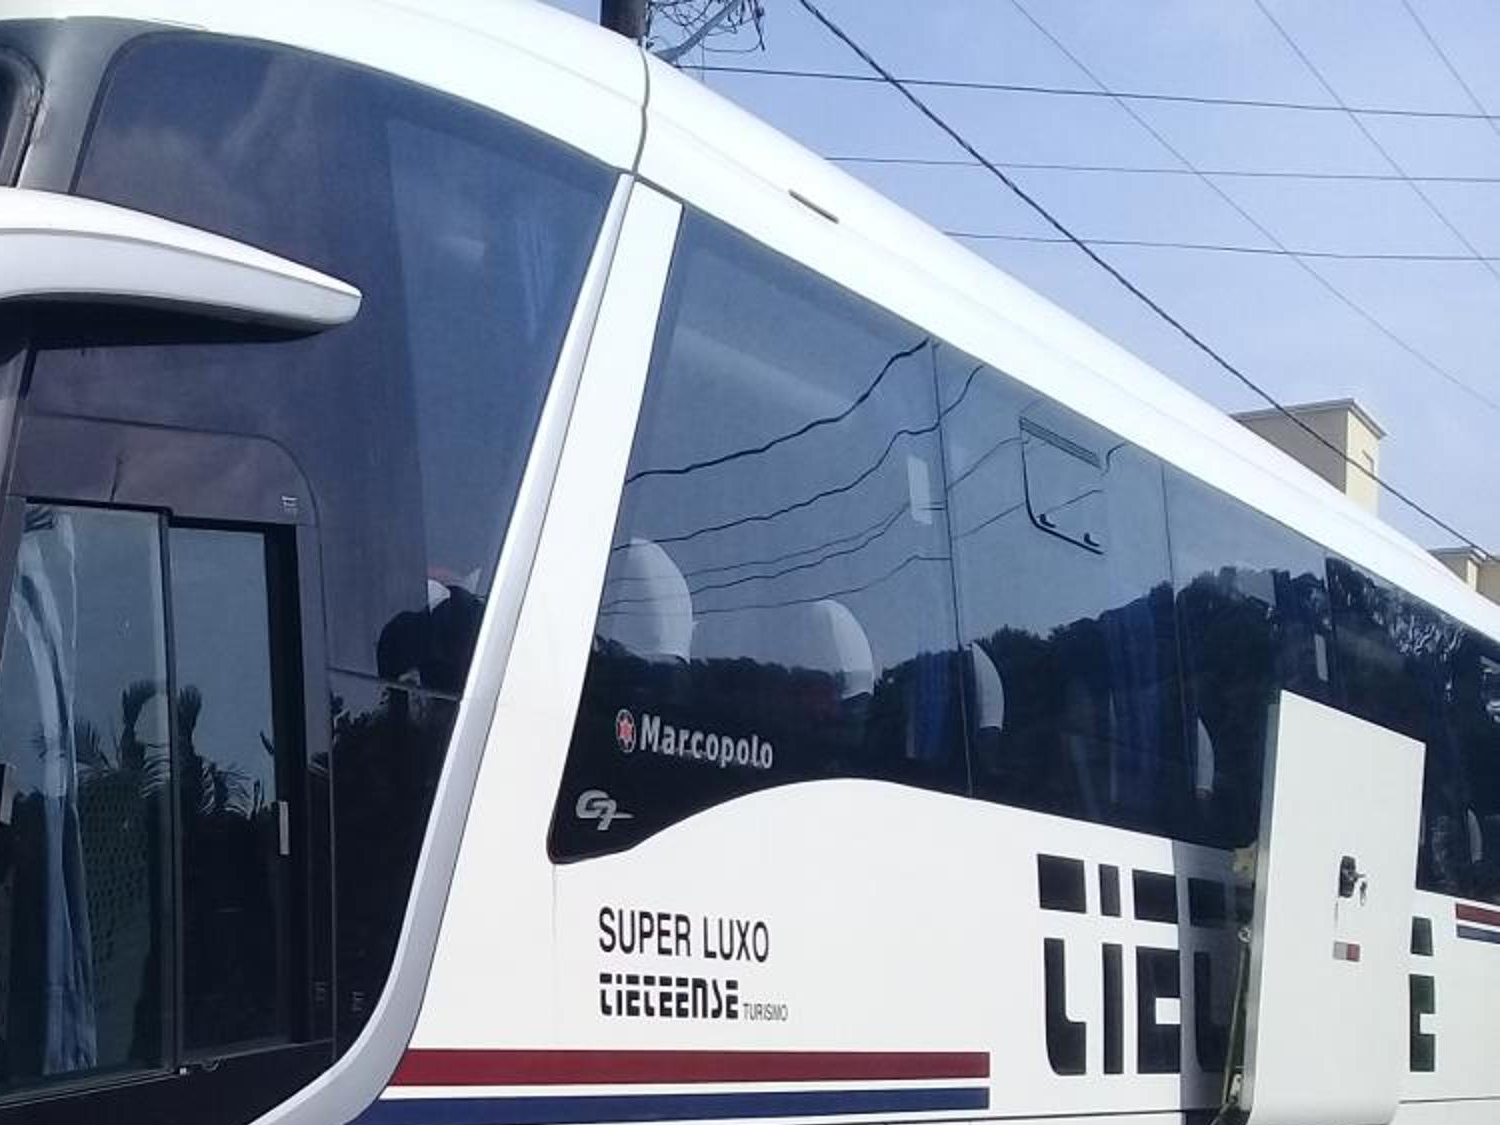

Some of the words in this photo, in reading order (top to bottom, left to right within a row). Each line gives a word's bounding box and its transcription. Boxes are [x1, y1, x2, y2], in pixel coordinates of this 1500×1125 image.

[640, 712, 773, 769] Marcopolo
[599, 906, 692, 957] SUPER
[703, 916, 770, 962] LUXO
[743, 1003, 789, 1022] TURISMO

* * * * * * *

Action item:
Repeat the listing above verbatim, but exclude the pictures it contains.

Reply to the exercise:
Some of the words in this photo, in reading order (top to bottom, left to right within a row). Each line gives a word's bounding box and its transcription. Boxes are [x1, y1, x2, y2], in pixel coordinates of this 1500×1125 image.

[640, 712, 773, 769] Marcopolo
[599, 906, 692, 957] SUPER
[703, 916, 770, 962] LUXO
[743, 1003, 789, 1022] TURISMO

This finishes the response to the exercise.